| Exercise details |
Produce an exact copy of all records below.

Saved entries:
☆ ☆ ☆ ☆
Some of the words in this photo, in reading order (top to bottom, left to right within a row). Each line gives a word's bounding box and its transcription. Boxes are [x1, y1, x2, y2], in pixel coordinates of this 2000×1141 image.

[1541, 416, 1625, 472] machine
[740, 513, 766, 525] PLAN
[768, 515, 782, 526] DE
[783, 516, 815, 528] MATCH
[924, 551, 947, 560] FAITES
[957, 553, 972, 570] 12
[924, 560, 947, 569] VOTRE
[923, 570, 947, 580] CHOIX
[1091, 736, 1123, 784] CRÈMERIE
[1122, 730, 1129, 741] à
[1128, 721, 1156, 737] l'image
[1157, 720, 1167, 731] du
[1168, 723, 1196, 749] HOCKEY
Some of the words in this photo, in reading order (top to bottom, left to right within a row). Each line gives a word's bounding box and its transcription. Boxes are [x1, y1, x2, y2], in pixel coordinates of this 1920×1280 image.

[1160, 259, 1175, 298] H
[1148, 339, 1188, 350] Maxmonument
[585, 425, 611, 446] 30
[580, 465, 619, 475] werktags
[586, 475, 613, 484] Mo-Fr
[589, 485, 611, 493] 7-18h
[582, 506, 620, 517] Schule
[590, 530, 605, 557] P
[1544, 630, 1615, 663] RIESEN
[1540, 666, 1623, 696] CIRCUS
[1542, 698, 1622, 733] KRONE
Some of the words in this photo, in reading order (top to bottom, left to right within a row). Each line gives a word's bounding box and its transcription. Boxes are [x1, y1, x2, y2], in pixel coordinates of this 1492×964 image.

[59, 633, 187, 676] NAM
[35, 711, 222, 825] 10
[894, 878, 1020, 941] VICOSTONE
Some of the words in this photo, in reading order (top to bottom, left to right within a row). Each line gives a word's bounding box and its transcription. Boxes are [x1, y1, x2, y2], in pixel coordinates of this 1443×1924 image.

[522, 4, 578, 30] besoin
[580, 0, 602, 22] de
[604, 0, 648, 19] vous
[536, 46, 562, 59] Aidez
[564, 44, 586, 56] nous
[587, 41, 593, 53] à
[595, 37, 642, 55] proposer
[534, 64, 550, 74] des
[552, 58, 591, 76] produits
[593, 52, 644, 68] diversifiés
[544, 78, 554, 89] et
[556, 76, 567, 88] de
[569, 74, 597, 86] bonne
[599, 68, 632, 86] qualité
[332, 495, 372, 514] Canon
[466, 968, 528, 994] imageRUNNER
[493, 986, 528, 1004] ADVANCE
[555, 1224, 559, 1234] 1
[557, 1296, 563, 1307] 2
☆ ☆ ☆ ☆
| Solution for this task |
Some of the words in this photo, in reading order (top to bottom, left to right within a row). Each line gives a word's bounding box and its transcription. Boxes are [x1, y1, x2, y2], in pixel coordinates of this 2000×1141 image.

[1541, 416, 1625, 472] machine
[740, 513, 766, 525] PLAN
[768, 515, 782, 526] DE
[783, 516, 815, 528] MATCH
[924, 551, 947, 560] FAITES
[957, 553, 972, 570] 12
[924, 560, 947, 569] VOTRE
[923, 570, 947, 580] CHOIX
[1091, 736, 1123, 784] CRÈMERIE
[1122, 730, 1129, 741] à
[1128, 721, 1156, 737] l'image
[1157, 720, 1167, 731] du
[1168, 723, 1196, 749] HOCKEY
Some of the words in this photo, in reading order (top to bottom, left to right within a row). Each line gives a word's bounding box and its transcription. Boxes are [x1, y1, x2, y2], in pixel coordinates of this 1920×1280 image.

[1160, 259, 1175, 298] H
[1148, 339, 1188, 350] Maxmonument
[585, 425, 611, 446] 30
[580, 465, 619, 475] werktags
[586, 475, 613, 484] Mo-Fr
[589, 485, 611, 493] 7-18h
[582, 506, 620, 517] Schule
[590, 530, 605, 557] P
[1544, 630, 1615, 663] RIESEN
[1540, 666, 1623, 696] CIRCUS
[1542, 698, 1622, 733] KRONE
Some of the words in this photo, in reading order (top to bottom, left to right within a row). Each line gives a word's bounding box and its transcription. Boxes are [x1, y1, x2, y2], in pixel coordinates of this 1492×964 image.

[59, 633, 187, 676] NAM
[35, 711, 222, 825] 10
[894, 878, 1020, 941] VICOSTONE
Some of the words in this photo, in reading order (top to bottom, left to right within a row). Each line gives a word's bounding box and its transcription. Boxes are [x1, y1, x2, y2], in pixel coordinates of this 1443×1924 image.

[522, 4, 578, 30] besoin
[580, 0, 602, 22] de
[604, 0, 648, 19] vous
[536, 46, 562, 59] Aidez
[564, 44, 586, 56] nous
[587, 41, 593, 53] à
[595, 37, 642, 55] proposer
[534, 64, 550, 74] des
[552, 58, 591, 76] produits
[593, 52, 644, 68] diversifiés
[544, 78, 554, 89] et
[556, 76, 567, 88] de
[569, 74, 597, 86] bonne
[599, 68, 632, 86] qualité
[332, 495, 372, 514] Canon
[466, 968, 528, 994] imageRUNNER
[493, 986, 528, 1004] ADVANCE
[555, 1224, 559, 1234] 1
[557, 1296, 563, 1307] 2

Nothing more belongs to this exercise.